James Blake è una creatura polimorfa dai contorni sfumati di soli 22 anni; produttore, musicista e DJ, direttamente from London. Inizia a suonare il pianoforte all’età di sei anni e studia musica popolare alla Goldsmith University. Scopre la musica elettronica grazie alla passione per il duo Digital Mystikz. Di lui si parla in maniera ridondante già dal 2010, quando comincia a sfornare un Ep dopo l’altro (The Bells Sketch, CMYK eKlavierwerke).
Il disco in questione invece è stato diffuso molto prima della sua stessa uscita ed ha destato immediatamente l’attenzione. C’è un filo conduttore tra tutti gli Ep e questo album, che fa pensare ad una strategia di mercato, come se in realtà fosse pronto già da tempo e si aspettasse solo il momento più redditizio per farlo uscire. È stato tutto cronologicamente perfetto tra un Ep e l’altro, fino all’exploit con la cover di Feist “Limit To Your Love” sganciata ad hoc qualche mese fa per promuovere il lancio di questo primo long playing.
Ma a noi poco importa il marketing o l’alone di mistero che pervade questo individuo, che non toglie nè aggiunge nulla alla sua singolare composizione. Alienante, vicino al soul diAntony Hegarty ed essenziale, simile al minimalismo degli XX, dotato della creatività e del genio di Thom Yorke, James Blake non poteva emergere in maniera più eclatante. Si parla già di post-dubstep, di future-garage; la BBC e Pitchfork lo acclamano e qualcuno sostiene già che il Mercury Prize quest’anno andrà dritto nelle sue preziose mani, mentre l’Italia si divide in due, come sempre.
Questo disco è una cabina pressurizzata, una chiusura stagna che sigilla le vibrazioni ed il loro fluire dentro il corpo, mentre fuori tutto scorre privo di alcuna alterazione. Con James Blake ci si immerge in sabbie mobili cupe, potenti e sintetiche che ti attraggono in un bagno caldo ed emozionalmente autistico.
Un disco dove finalmente il silenzio trionfa, sovrano, senza futili dilatazioni, spezzato solo da algide spigolature che raffreddano la percezione e scandiscono l’incandescenza sonora, inumana, generando contrasti tra essi e la sua stessa voce che dà fiato a vuoti abissali ed irregolari.
“I don’t know about my dreams.
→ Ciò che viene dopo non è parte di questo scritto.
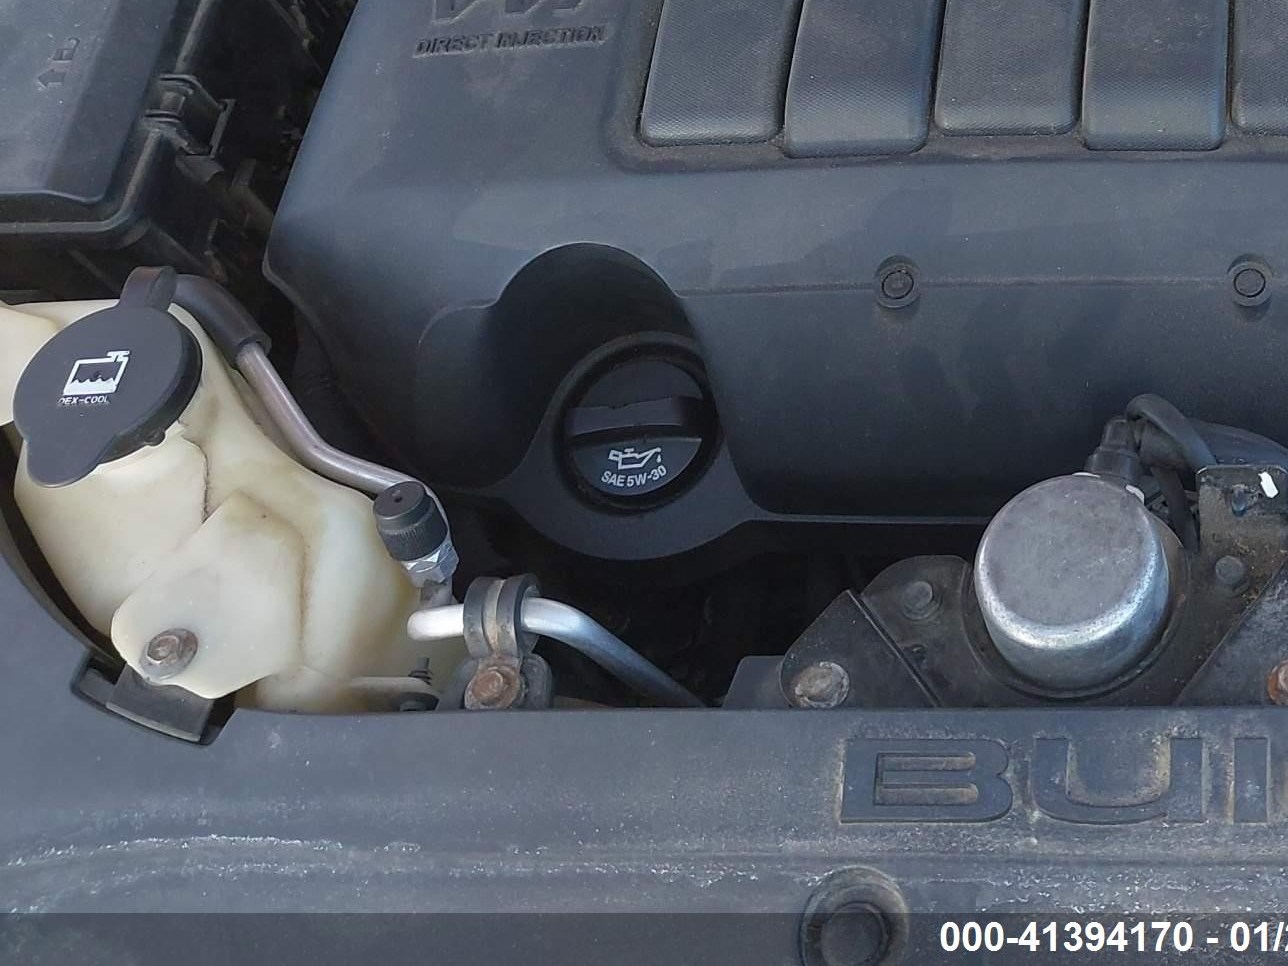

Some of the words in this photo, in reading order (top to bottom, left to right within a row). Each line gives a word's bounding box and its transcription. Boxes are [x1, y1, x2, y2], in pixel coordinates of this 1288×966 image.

I don’t know about my dreamin’ anymore. All that I know is I’m fallin, fallin, fallin, fallin. Might as well fall in”, così recita “Wilhelms Scream”, un urlo spirituale che proviene dallo stomaco, una discesa in caduta libera che precipita lentamente nei sogni, quasi “Like a waterfall in slow-motion” come succede in “Limit To Your Love” che rende benissimo l’idea. Ed ancora, come non essere attratti dalle elucubrazioni mentali ed ossessive di “I Mind”?
Un ascolto sensuale ed orecchiabile anche per chi non ama il genere, difficile che il suo cross over vi lasci indifferenti. Un’anima la sua che trasmigra sù e giù per la gola e si incarna attraverso le falangi, che sono state in grado di regalarci questo disco straordinario.